Methods and results: We investigated 16S rDNA signatures in atherosclerotic tissue obtained through catheter-based atherectomy of 38 patients with CHD, control material from postmortem patients (n=15), and heart-beating organ donors (n=11) using clone libraries, denaturating gradient gel analysis, and fluorescence in situ hybridization. Bacterial DNA was found in all CHD patients by conserved PCR but not in control material or in any of the normal/unaffected coronary arteries. Presence of bacteria in atherosclerotic lesions was confirmed by fluorescence in situ hybridization. A high overall bacterial diversity of >50 different species, among them Staphylococcus species, Proteus vulgaris, Klebsiella pneumoniae, and Streptococcus species, was demonstrated in >1500 clones from a combined library and confirmed by denaturating gradient gel analysis. Mean bacterial diversity in atheromas was high, with a score of 12.33+/-3.81 (range, 5 to 22). A specific PCR detected Chlamydia species in 51.5% of CHD patients.
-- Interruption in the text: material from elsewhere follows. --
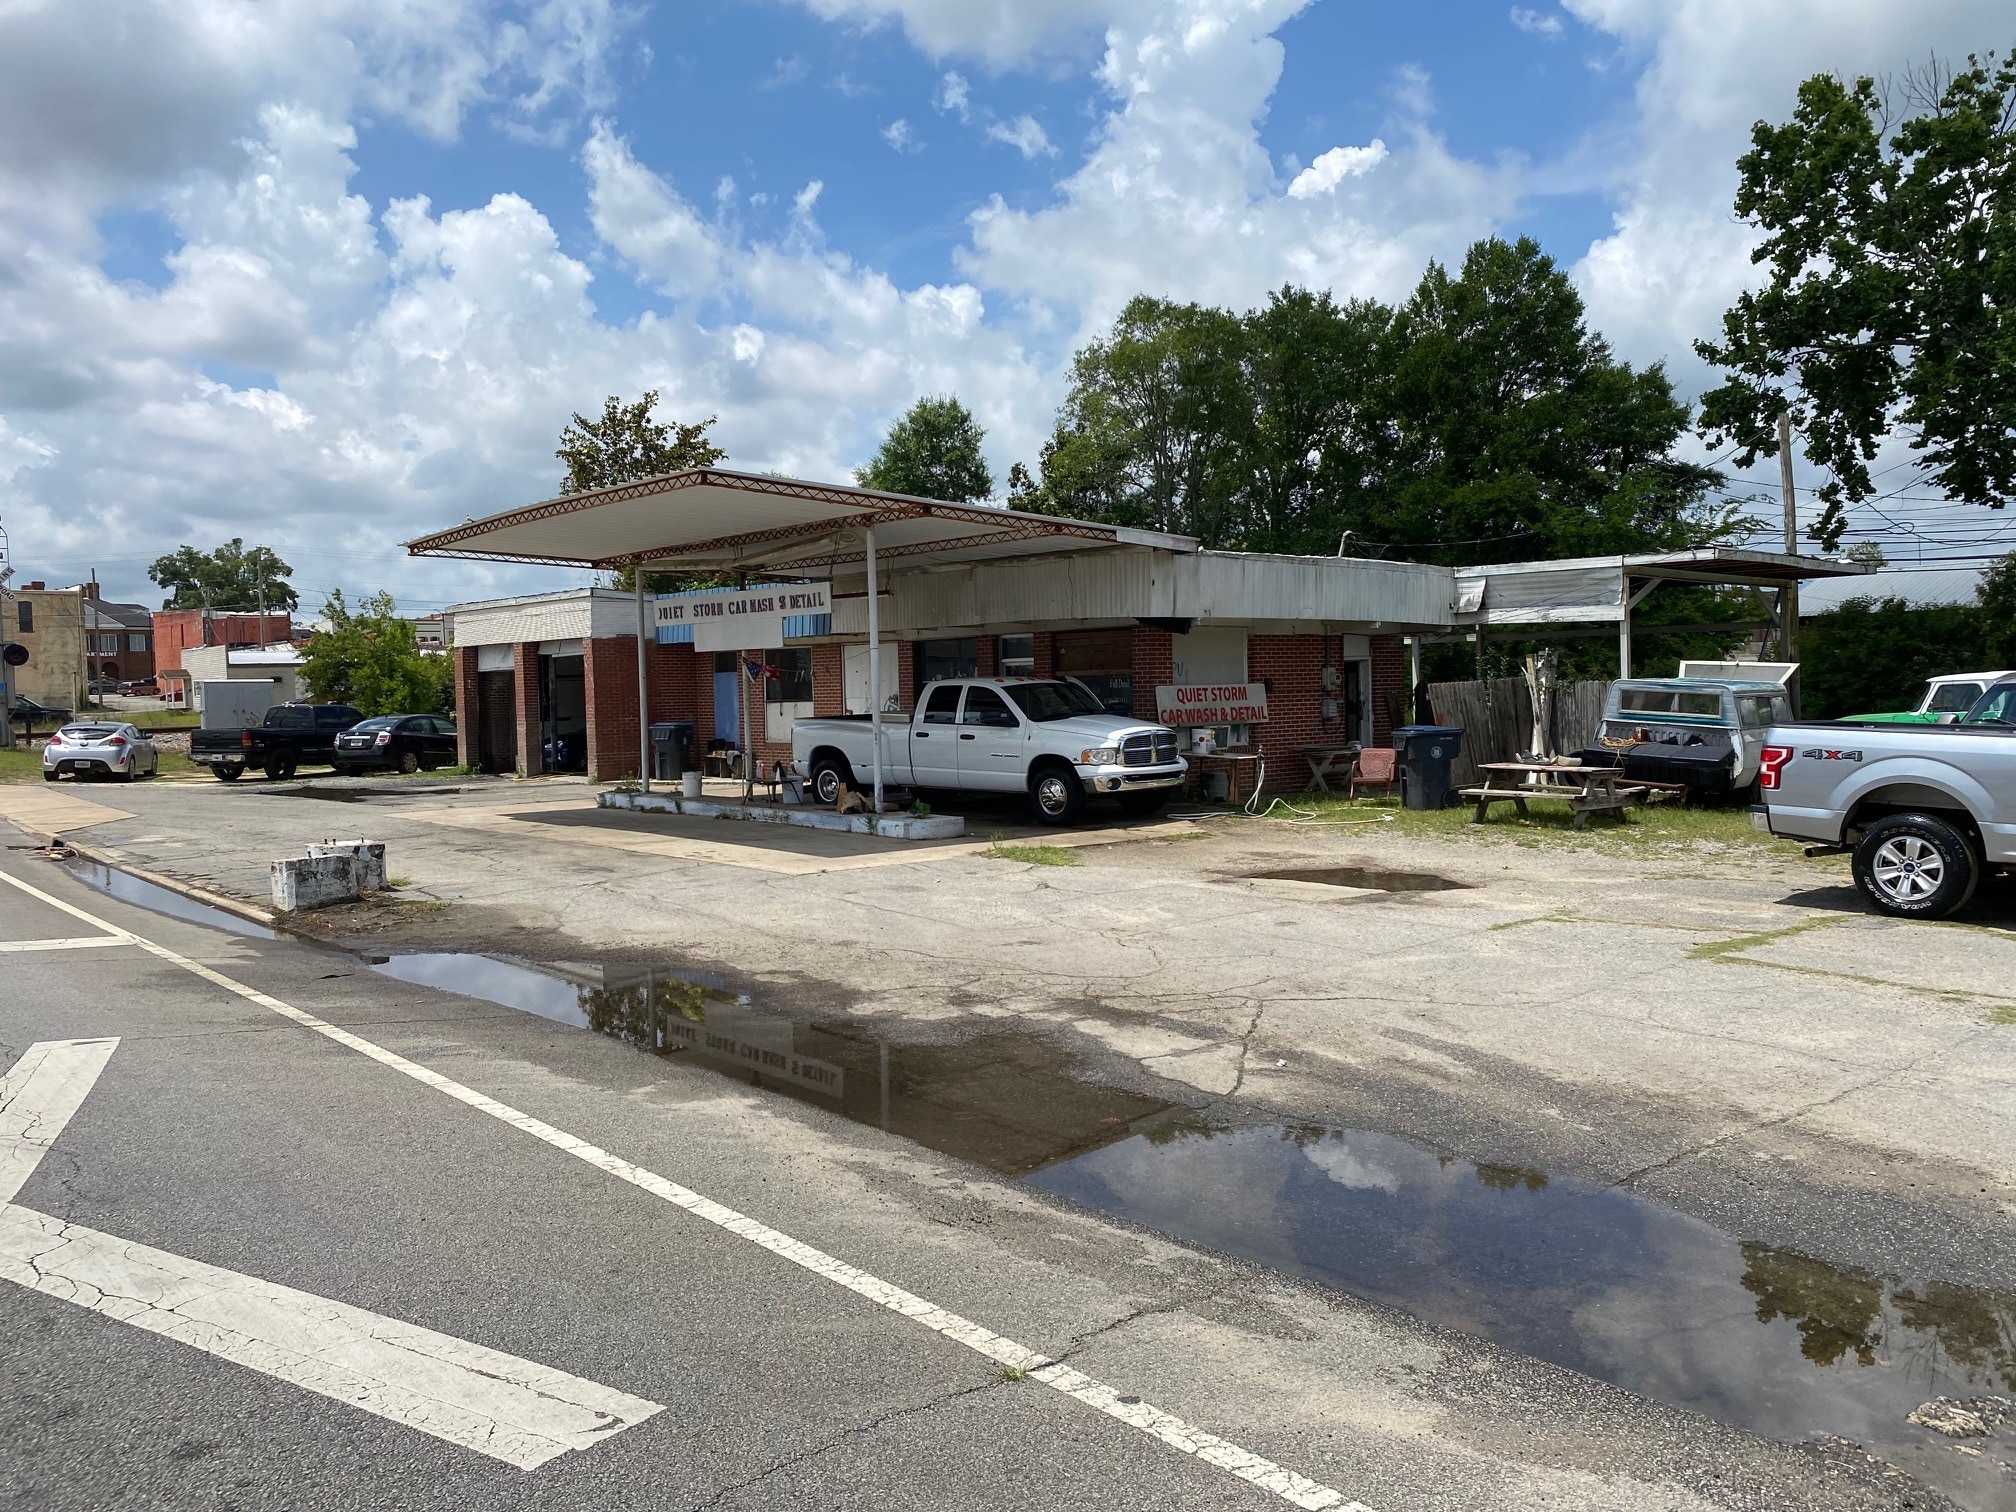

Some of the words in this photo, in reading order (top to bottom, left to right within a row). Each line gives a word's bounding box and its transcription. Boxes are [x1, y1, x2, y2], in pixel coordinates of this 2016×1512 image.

Conclusions: Detection of a broad variety of molecular signatures in all CHD specimens suggests that diverse bacterial colonization may be more important than a single pathogen. Our observation does not allow us to conclude that bacteria are the causative agent in the etiopathogenesis of CHD. However, bacterial agents could have secondarily colonized atheromatous lesions and could act as an additional factor accelerating disease progression.